# missing raccoon pup, please help



## diane014 (Feb 2, 2008)

http://a4.sphotos.ak.fbcdn.net/hphotos-ak-ash3/529203_415522068499264_1200690730_n.jpg%5B/IMG%5D


----------



## mrcriss (Nov 2, 2010)

I don't understand what's happening here....I'm confused (but I have had some very strong pain killers!)


----------



## bbav (Oct 17, 2007)

From what i can make out from a couple of posts on facebook...The owner of a litter of pups left them with someone to look after who then sold them to L'n'D so they are try to trace the people that brought them.


----------



## diane014 (Feb 2, 2008)

this baby has now been found, thank you for the help


----------



## mrcriss (Nov 2, 2010)

bbav said:


> From what i can make out from a couple of posts on facebook...The owner of a litter of pups left them with someone to look after who then sold them to L'n'D so they are try to trace the people that brought them.

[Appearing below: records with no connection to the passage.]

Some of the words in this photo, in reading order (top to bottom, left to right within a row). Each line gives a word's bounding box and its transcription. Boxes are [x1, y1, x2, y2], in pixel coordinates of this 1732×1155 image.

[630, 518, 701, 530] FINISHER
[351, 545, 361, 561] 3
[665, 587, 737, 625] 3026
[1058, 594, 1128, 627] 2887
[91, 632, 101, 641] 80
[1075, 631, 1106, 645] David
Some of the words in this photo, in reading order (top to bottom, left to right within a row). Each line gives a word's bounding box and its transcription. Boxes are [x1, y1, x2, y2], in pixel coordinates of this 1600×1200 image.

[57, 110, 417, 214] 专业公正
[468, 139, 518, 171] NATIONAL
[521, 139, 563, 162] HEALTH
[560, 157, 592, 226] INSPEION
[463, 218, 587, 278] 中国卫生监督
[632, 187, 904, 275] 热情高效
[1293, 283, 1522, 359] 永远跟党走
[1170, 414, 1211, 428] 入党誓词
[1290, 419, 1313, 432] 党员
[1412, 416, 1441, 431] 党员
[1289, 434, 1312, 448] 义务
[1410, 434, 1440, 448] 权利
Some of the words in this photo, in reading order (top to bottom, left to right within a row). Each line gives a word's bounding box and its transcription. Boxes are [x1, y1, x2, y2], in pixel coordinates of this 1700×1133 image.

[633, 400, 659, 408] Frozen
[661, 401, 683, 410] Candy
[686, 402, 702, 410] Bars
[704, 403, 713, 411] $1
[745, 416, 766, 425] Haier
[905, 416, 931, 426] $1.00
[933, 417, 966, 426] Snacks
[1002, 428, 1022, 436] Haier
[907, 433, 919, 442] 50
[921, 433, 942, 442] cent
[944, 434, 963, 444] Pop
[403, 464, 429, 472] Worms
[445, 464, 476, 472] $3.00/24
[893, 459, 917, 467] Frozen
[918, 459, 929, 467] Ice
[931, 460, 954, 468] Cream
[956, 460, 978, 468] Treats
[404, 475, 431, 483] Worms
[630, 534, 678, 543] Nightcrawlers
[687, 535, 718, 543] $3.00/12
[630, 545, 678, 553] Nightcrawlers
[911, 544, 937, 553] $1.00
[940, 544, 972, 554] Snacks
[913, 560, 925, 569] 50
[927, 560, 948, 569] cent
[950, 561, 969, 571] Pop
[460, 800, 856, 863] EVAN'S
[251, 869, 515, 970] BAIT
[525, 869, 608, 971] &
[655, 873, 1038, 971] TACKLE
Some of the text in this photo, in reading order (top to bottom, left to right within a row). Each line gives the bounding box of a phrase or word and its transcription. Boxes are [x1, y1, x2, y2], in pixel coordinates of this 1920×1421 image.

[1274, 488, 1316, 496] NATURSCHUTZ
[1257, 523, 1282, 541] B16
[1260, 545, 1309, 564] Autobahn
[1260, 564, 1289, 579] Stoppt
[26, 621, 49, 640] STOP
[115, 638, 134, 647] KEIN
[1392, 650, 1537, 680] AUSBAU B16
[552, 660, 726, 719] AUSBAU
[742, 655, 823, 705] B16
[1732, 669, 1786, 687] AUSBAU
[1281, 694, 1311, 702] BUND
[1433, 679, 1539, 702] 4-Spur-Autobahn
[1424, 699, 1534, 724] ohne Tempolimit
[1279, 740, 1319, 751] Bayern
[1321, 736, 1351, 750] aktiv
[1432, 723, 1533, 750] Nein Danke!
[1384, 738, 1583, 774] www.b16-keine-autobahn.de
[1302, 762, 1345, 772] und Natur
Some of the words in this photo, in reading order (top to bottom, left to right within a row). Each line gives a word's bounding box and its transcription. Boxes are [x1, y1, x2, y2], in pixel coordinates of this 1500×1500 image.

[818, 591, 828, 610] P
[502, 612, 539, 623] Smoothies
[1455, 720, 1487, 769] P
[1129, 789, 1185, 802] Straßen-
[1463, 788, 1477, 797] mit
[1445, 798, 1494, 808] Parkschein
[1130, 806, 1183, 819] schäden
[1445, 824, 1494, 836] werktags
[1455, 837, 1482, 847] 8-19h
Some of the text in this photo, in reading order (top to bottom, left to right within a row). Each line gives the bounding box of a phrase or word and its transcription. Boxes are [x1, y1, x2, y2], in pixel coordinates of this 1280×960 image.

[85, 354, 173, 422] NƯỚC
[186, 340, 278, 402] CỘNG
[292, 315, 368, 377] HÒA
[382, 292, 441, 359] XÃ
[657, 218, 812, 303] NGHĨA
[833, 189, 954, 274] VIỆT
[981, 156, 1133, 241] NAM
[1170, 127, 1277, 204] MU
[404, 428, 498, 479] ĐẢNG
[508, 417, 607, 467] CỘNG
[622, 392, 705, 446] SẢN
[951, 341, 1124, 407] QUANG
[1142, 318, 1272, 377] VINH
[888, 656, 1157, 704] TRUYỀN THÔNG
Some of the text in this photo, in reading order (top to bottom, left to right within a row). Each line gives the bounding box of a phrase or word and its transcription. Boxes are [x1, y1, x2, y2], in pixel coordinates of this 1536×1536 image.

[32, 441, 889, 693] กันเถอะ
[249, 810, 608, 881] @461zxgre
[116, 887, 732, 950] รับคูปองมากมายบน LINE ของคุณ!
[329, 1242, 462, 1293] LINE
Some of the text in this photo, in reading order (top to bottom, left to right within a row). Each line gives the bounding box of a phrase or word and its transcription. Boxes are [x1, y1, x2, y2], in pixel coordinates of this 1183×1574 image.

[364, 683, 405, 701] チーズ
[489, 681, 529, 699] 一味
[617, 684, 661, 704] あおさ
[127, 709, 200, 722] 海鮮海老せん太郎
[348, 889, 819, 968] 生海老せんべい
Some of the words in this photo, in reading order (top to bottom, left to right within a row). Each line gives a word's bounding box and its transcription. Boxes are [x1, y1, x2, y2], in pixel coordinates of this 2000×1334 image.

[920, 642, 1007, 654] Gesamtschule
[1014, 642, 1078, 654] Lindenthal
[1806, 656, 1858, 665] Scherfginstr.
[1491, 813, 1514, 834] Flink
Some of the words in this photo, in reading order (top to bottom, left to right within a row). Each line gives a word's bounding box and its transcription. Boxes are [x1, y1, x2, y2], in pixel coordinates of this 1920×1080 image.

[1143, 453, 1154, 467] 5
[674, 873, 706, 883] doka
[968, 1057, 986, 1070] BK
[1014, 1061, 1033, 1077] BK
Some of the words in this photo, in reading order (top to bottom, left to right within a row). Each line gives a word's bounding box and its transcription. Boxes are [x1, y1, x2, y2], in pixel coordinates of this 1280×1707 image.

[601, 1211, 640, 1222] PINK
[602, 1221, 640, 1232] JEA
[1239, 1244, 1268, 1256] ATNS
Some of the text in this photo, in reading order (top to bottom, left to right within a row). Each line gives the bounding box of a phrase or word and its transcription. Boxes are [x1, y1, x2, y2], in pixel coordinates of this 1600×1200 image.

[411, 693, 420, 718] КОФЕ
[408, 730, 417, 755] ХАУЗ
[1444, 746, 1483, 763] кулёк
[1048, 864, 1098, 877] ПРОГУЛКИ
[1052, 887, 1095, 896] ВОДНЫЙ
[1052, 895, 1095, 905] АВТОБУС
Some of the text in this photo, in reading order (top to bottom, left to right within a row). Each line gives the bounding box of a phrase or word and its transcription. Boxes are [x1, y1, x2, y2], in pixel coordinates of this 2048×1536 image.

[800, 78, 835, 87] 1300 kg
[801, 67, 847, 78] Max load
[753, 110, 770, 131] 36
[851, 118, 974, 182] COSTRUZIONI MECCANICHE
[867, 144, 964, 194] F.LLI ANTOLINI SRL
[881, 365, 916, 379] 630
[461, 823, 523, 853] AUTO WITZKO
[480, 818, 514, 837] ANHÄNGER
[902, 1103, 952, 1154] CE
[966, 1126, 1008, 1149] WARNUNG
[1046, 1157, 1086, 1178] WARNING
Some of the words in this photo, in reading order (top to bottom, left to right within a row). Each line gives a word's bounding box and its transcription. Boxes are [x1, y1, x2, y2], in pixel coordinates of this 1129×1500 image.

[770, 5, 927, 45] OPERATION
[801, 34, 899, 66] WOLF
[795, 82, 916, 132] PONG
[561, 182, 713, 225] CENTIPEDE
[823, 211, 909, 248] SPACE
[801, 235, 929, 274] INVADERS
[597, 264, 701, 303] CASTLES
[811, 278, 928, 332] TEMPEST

This is what my friend said, but what seemed fishy to me is that I'm told L 'n' D take down the contact details of everyone that buys animals, and they must also have known the exact date rather than the very vague "30th June- 2nd July".....so wouldn't it have been easiest just to ask them?:hmm:


----------



## Jazzy B Bunny (Jun 21, 2007)

Glad its been found, although I thought shops have to take down the names and adresses of people they sell animals to?


----------



## adamntitch (Jun 17, 2007)

confusing but makes lnd look like there selling stolen animals


----------



## Zoo-Man (Apr 12, 2008)

Mmmm, pet shops should be recording where they get animals from, & where they are sold to........ :whistling2:


----------



## mrcriss (Nov 2, 2010)

Zoo-Man said:


> Mmmm, pet shops should be recording where they get animals from, & where they are sold to........ :whistling2:


L n D do though.....that's why this whole thing seems a bit fishy.


----------



## Zoo-Man (Apr 12, 2008)

mrcriss said:


> L n D do though.....that's why this whole thing seems a bit fishy.


Mmm, personally I don't like pet shops that wing-clip baby parrots, so maybe their ethics are lax on other issues....


----------



## mrcriss (Nov 2, 2010)

Zoo-Man said:


> Mmm, personally I don't like pet shops that wing-clip baby parrots, so maybe their ethics are lax on other issues....


Oh I dunno owt about that.....I've only been once. Just going on what's been said on other forums about this situation and some friends that know them


----------



## Samiwolton (Jul 10, 2011)

Lnd sold one more pup after being told they were stolen, then said they had no details for the person that brought it ( after advertising it was missing the person that brought it came forward) also LnD said they were never going to give the pups back because it was the morally correct thing to do, as it would make them lose money


----------



## mrcriss (Nov 2, 2010)

See? Fishy fishy fishy 

So that's one viewpoint. But if there's one cliche that I always stand by, it's that every story has 2 sides. I should also like to hear what L n D have to say about it, but no statement has been forthcoming.:hmm:


----------



## Meko (Apr 29, 2007)

mrcriss said:


> See? Fishy fishy fishy
> 
> So that's one viewpoint. But if there's one cliche that I always stand by, it's that *every story has 2 sides*. I should also like to hear what L n D have to say about it, but no statement has been forthcoming.:hmm:



Three sides..

Side A, Side B and the truth


----------



## leaping-lizards (Apr 1, 2006)

Most good pet shops will record who animals are sold to. But this is not a requirement by law.
With exception Puppies,kittens, Psittacines and dwa. I would suggest it is good practice to record all sales. But I would say handing out this information to a third party can open up a whole can of worms. Data protection etc.


----------



## charlesthompson (Feb 11, 2006)

if indeed they did sell them with full knowledge of them being stolen i find that totally repugnant and quite simply baffling. if this has happened as stated then it flies in the face of all the hard work newman, brooks etc etc etc have done to protect and promote the hobby. theres nothing quite as nasty as a kick in the nuts from one of your own. 

but if you were gonna shift shady goods would you leave a paper trail?


----------



## Samiwolton (Jul 10, 2011)

yes there is always two sides to the story, and I know the full story from one side, and I know that LnD were also on the receiving end of the con-artist, but I actually sure the comments that Luke and Daniel wrote about not giving the pups back because they would lose out on money even though they knew it was the right thing to do,

In the case of keeping a register of customers, and it only actually being a requirement by law if it is puppies, kittens etc. as they are raccoon dog puppies, would that not fall under this? Im not sure as they are an exotic but it was just a thought

Anyway at least they have all been accounted for now, that's the main thing


----------



## Samiwolton (Jul 10, 2011)

Saw not sure, stupid me typing to quickly when I'm tired


----------